**Action item:**
Only an exact copy of the lines beginning at the one that contains "this 1333×1125 image." and ending at the last line of the records below counts as the answer.

━━━━━ Supplied data ━━━━━

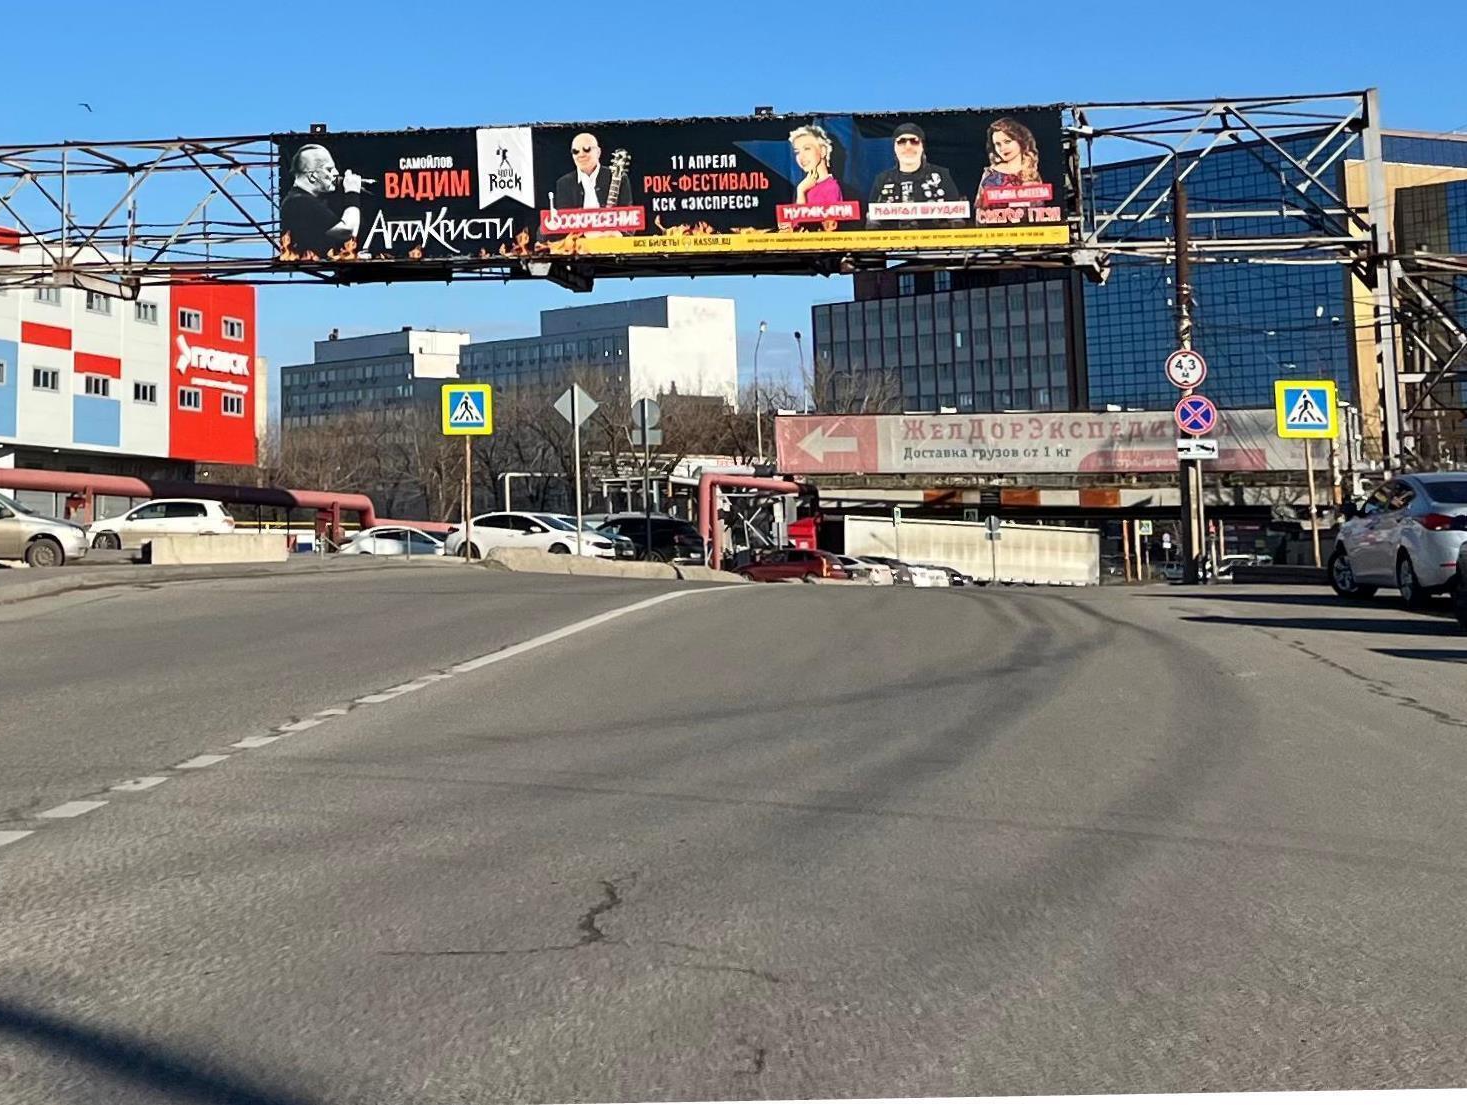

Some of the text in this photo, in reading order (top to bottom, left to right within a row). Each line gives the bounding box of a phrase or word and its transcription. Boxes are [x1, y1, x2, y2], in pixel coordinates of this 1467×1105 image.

[399, 154, 454, 170] САМОЙЛОВ
[670, 154, 737, 170] 11 АПРЕЛЯ
[384, 169, 471, 202] ВАДИМ
[643, 171, 769, 193] РОК-ФЕСТИВАЛЬ
[652, 194, 760, 211] КСК «ЭКСПРЕСС»
[903, 446, 1072, 462] Доставка грузов от 1 кг
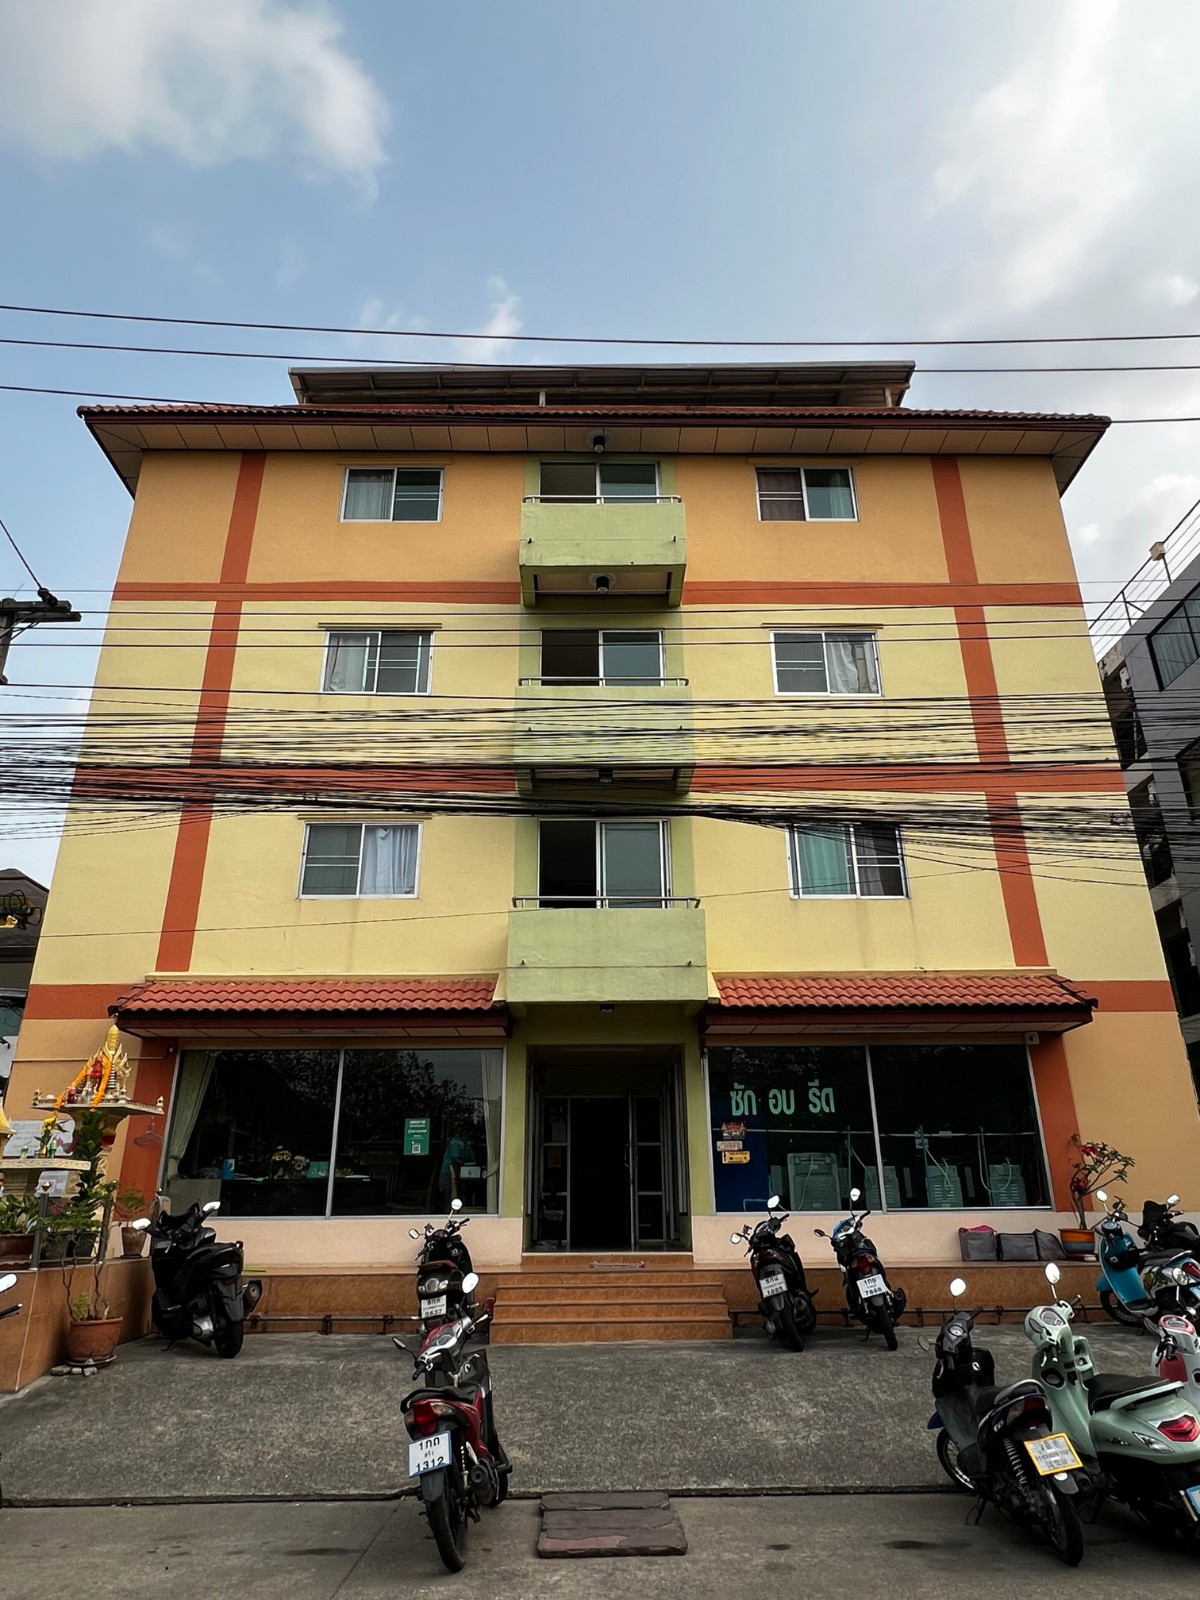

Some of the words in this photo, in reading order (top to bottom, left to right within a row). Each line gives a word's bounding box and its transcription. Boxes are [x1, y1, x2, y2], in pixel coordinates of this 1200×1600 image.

[730, 1082, 757, 1116] ซัก
[768, 1088, 796, 1115] อบ
[807, 1079, 836, 1113] รีด
[416, 1456, 444, 1473] 1312
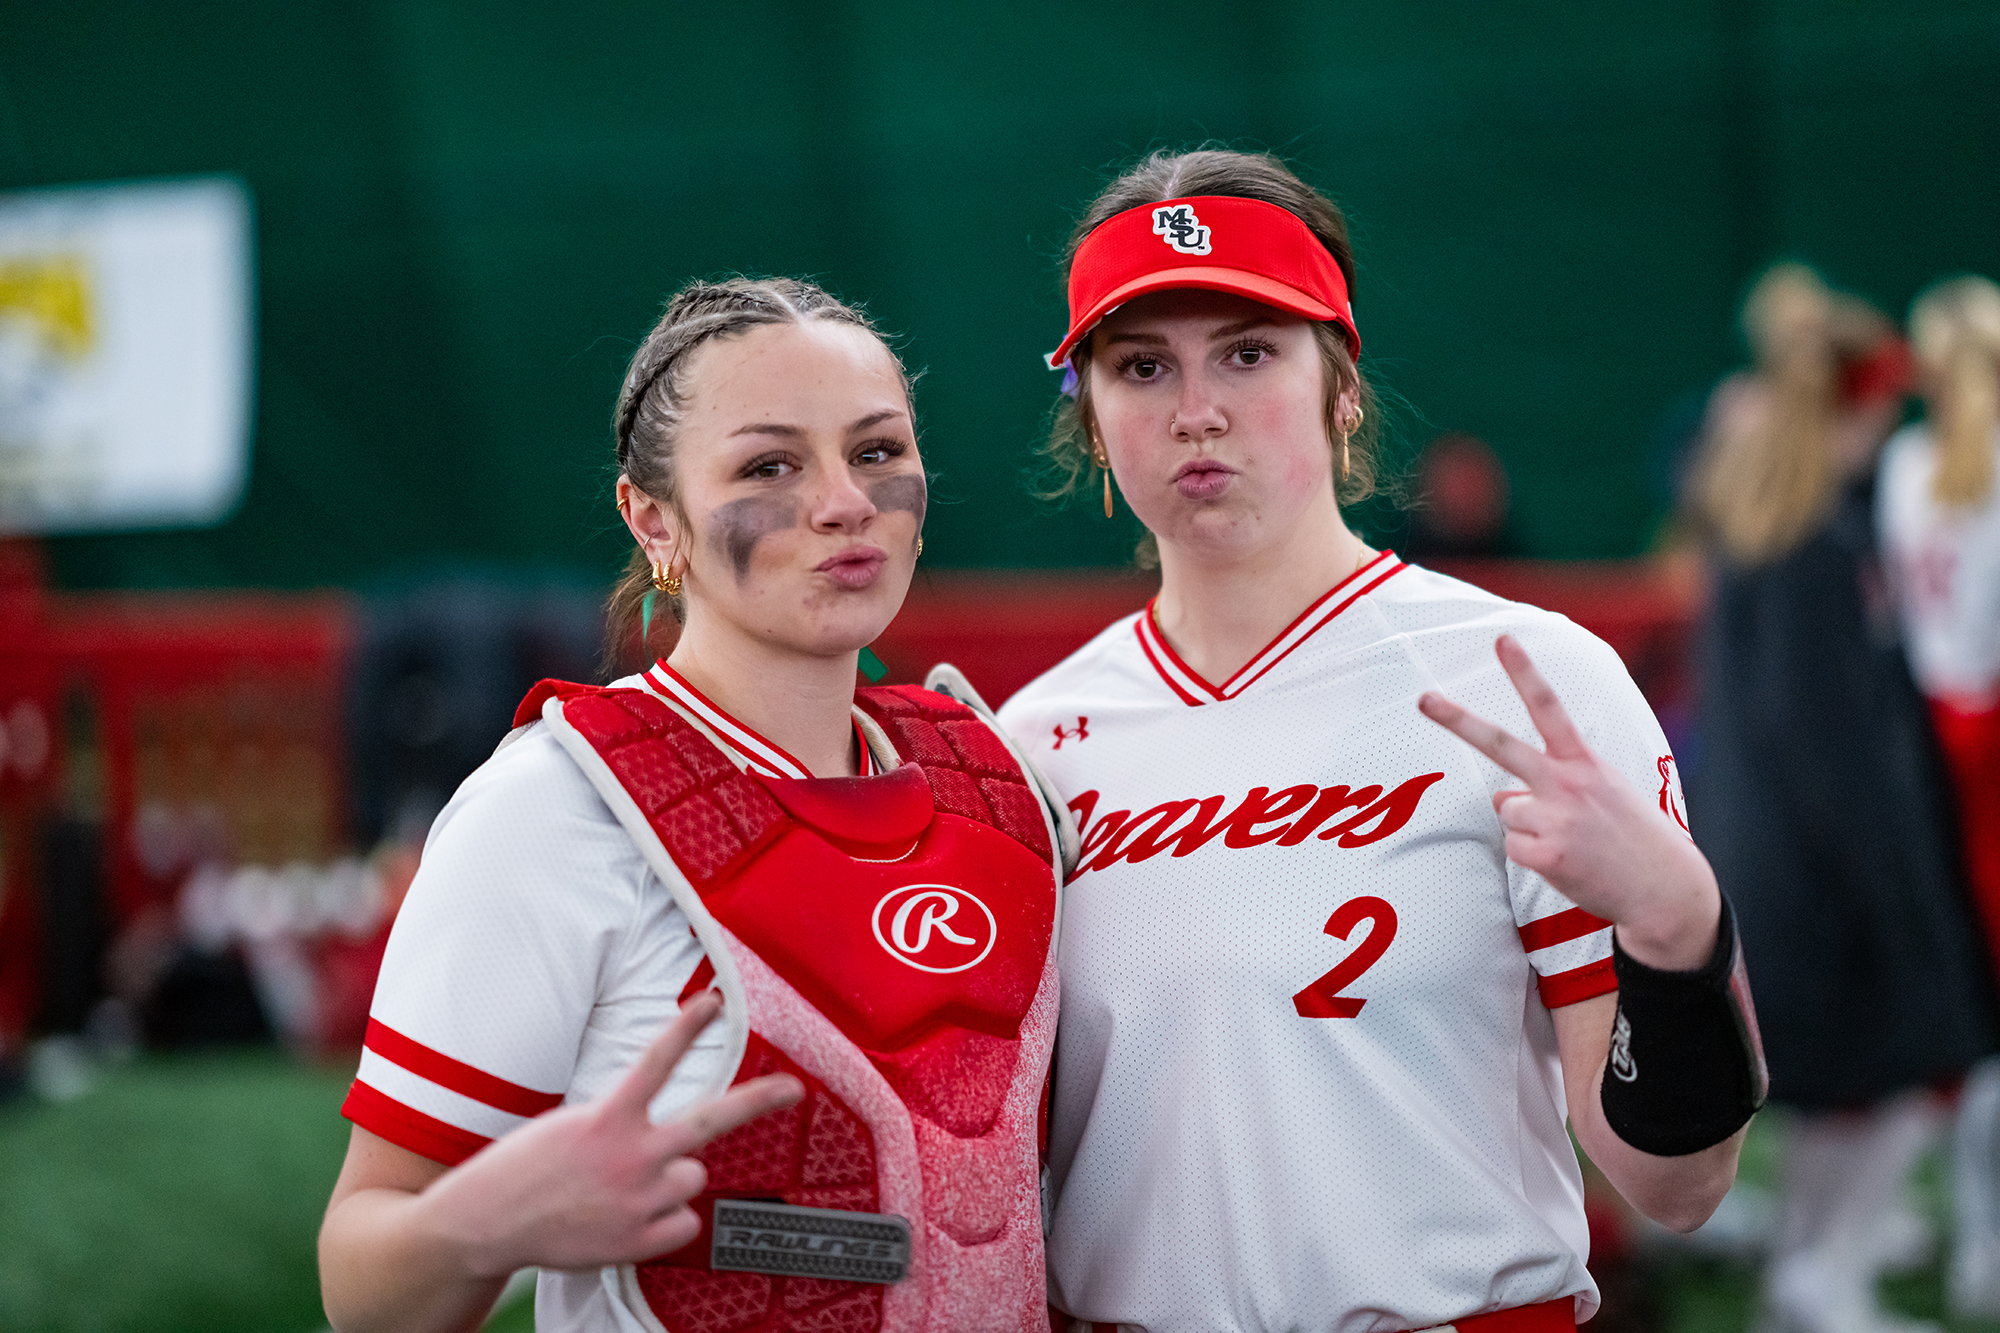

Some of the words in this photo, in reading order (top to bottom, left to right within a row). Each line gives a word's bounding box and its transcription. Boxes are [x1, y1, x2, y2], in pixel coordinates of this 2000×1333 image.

[1158, 208, 1205, 248] MSU
[891, 891, 977, 954] R
[1292, 895, 1398, 1018] 2
[727, 1229, 894, 1259] RAWLINGS
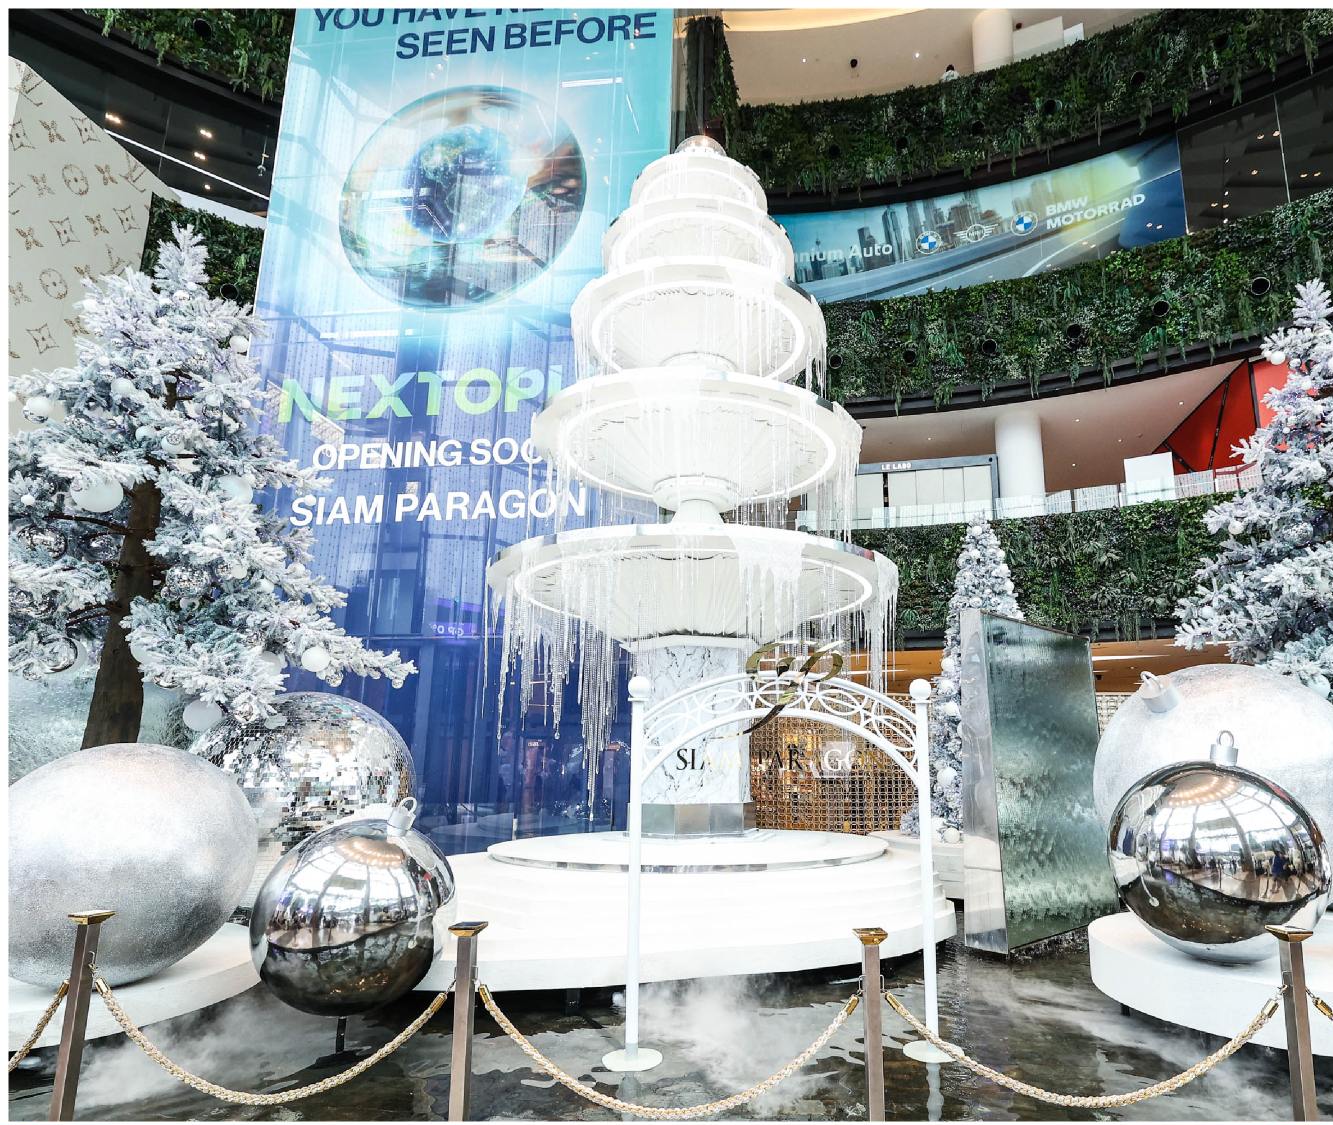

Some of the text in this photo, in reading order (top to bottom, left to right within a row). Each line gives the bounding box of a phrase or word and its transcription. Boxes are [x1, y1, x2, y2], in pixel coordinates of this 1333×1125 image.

[313, 8, 385, 31] YOU
[395, 12, 657, 60] SEEN BEFORE
[1046, 196, 1088, 216] BMW
[1046, 193, 1146, 230] MOTORRAD
[848, 243, 893, 259] Auto
[278, 365, 563, 423] NEXTOPI
[312, 436, 545, 470] OPENING SOO
[289, 487, 587, 527] SIAM PARAGON
[676, 749, 742, 770] SIAM

━━━━━

**Task solution:**
Some of the text in this photo, in reading order (top to bottom, left to right within a row). Each line gives the bounding box of a phrase or word and its transcription. Boxes are [x1, y1, x2, y2], in pixel coordinates of this 1333×1125 image.

[313, 8, 385, 31] YOU
[395, 12, 657, 60] SEEN BEFORE
[1046, 196, 1088, 216] BMW
[1046, 193, 1146, 230] MOTORRAD
[848, 243, 893, 259] Auto
[278, 365, 563, 423] NEXTOPI
[312, 436, 545, 470] OPENING SOO
[289, 487, 587, 527] SIAM PARAGON
[676, 749, 742, 770] SIAM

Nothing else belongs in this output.